Chapter 37: A Brother of Sorts in Torquemada

Rating: T

Soundtrack: Detonation Blvd – Sisters of Mercy

They brought his phone back the next day. Roy tried not to laugh as it took two armed guards to re-install it. His mouth gave a wicked twist as they explained that since his staff was cleared of all suspicions, there was no real reason to cut off his contact with the outside world any further.

He knew the real reason they returned his phone. He could picture her challenging the good General about the necessity.

He'd done what she'd suggested, chuckling to himself as he went over their conversation. Common sense of a goat. Only Riza would have said such a thing, and meant every word with every breath in her. She probably was right, under most circumstances.

He truly wasn't worthy of a woman like her. Though he would be careful never to say so in front her. She might agree with him again, and he wasn't in the mood to have his faults listed in such a relentless manner again.

He put on clean clothes, grimacing when he ran his hand over the few days' worth of stubble on his chin. They had actually taken his razor on the day they'd taken his phone. As if he'd do something dangerous with it to himself or others. He shuddered at the thought. He would never use something as barbaric as a razor to commit suicide. There really was no guarantee that a blow would be fatal, and it would have been entirely too messy by far. And painful. If he really wanted to do himself in, it would be with a gun. Short, simple and to the point, no pain. Just done and done.

Then again, and he chuckled at the irony of it, the option of suicide was completely cut off to him now. However, they–those who put him here and were so afraid he'd off himself before divulging all of his nefarious secrets–had no way of knowing that. He had responsibilities, to home and country. Leaving her alone with such a burden... it was unthinkable. To leave this country in the hands of obvious incompetents? Not a chance. Definitely not a chance.

He subsided in one of the chairs he hadn't broken and flipped open the notebook she'd brought him. One of his oldest alchemy notebooks, he kept it with him always as a kind of lucky charm. He looked his own scrawl and frowned. If someone put a gun to head, it would still take him forever to decipher most of it.
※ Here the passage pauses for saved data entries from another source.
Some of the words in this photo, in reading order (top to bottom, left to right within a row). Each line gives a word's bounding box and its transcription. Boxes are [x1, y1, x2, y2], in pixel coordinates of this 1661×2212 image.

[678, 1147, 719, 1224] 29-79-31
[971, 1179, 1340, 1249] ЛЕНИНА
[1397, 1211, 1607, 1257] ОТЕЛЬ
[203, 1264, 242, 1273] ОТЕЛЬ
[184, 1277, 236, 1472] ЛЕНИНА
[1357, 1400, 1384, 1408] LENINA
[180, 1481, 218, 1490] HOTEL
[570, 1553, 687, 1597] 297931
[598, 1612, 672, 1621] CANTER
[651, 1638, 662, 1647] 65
In the early days, he wrote his notes like a freight train, not thinking of the fact that he would have to read it all later. He did recognize the coding, could make out a few of the names there, and the numbers that corresponded. Anyone trying to take a peek would have rolled their eyes and tossed it back where they'd gotten it.

It looked, to the outside world, like a book of his conquests. Their names and phone numbers, and attributes that he wanted to remember. Olivia Gennan- 8159999. Measurements - 36, 18, 29. Lifted me up and turned me into liquid. Definitely worth keeping.
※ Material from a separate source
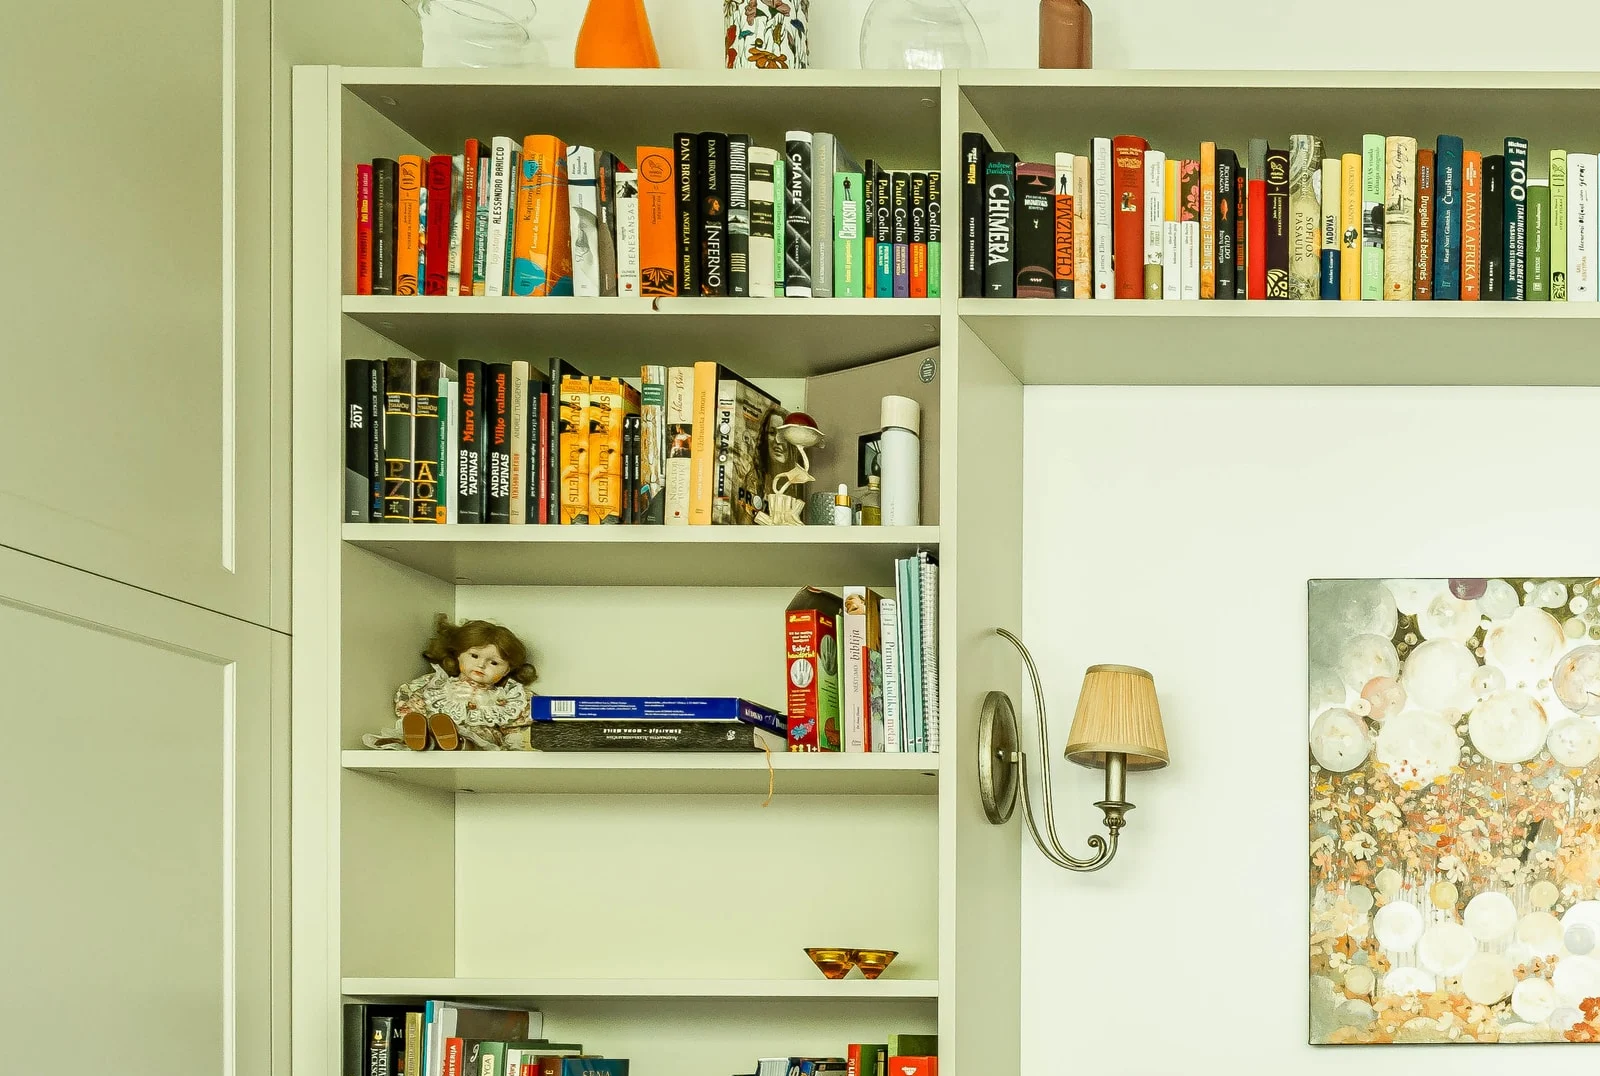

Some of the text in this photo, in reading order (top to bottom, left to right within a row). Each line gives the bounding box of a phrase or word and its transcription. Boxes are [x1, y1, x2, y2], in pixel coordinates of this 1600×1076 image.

He laughed at himself, at his former belief that he was so clever to use such a code. He flipped a few more pages and stopped, his face sobering slightly. Hughes had picked on him about this entry. Because, if anyone knew anything about anything, they would know that there was no gas, noble or not, that corresponded by the letter L. In fact, anyone with eyes to see would have figured it out, given a good opportunity.

If Riza ever, ever looked in this book, she probably would kill him for what he'd written there. Yet, this was before, before everything had passed between them.
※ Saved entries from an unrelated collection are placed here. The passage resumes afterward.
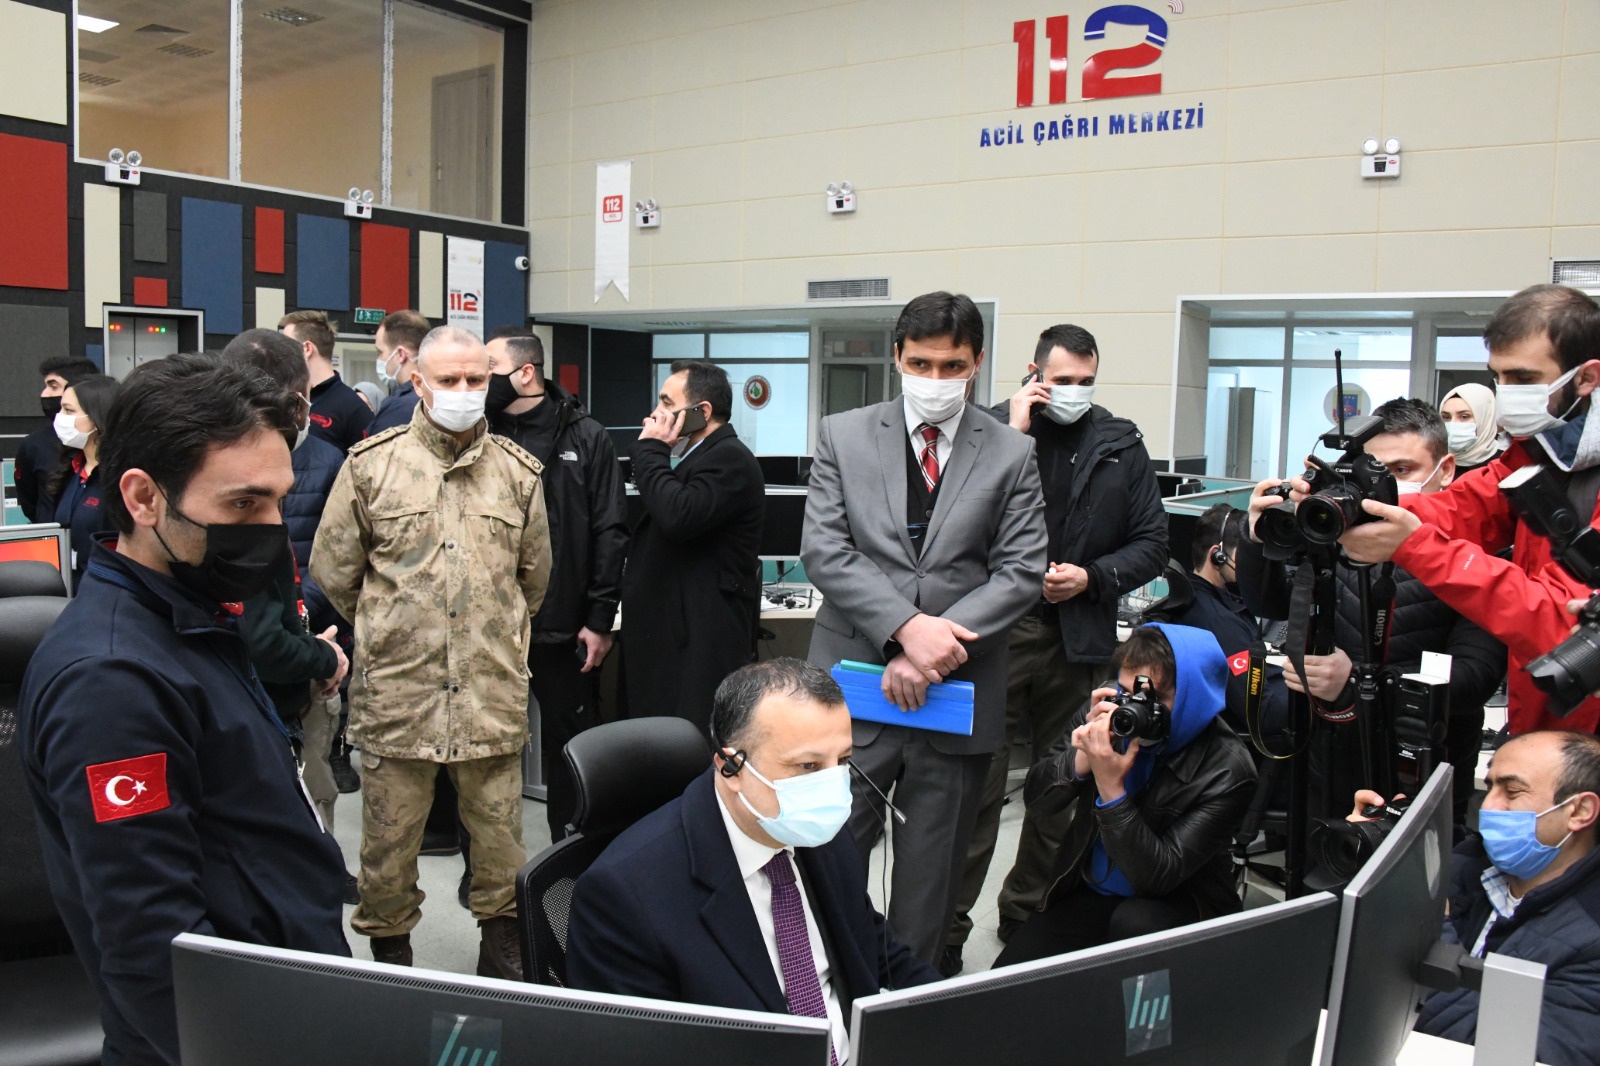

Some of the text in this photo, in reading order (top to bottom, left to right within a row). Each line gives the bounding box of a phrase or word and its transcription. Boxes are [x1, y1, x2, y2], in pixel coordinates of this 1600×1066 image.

[1013, 4, 1168, 108] 112
[979, 102, 1204, 147] ACİL ÇAĞRI MERKEZİ
[605, 197, 621, 212] 112
[450, 292, 478, 312] 112
[1374, 609, 1387, 646] Canon
[1251, 666, 1261, 696] Nikon
Lisa Falcon - 3694021. Measurements - 34, 18, 34. Highly reactive; flammable. When used with caution its stabilizing features very effective.

She would demand to know how he knew that way back then. He would shrug and pray she didn't compel him to answer.

We are matching spark and flame. She can leave when I'm cold and dead and in the ground.

He flipped some more, read some more entries, laughed at himself. Examined the arrays he'd created back then. Gazed forever at the array he discovered when he was only seventeen and was the one that he still used to this very day.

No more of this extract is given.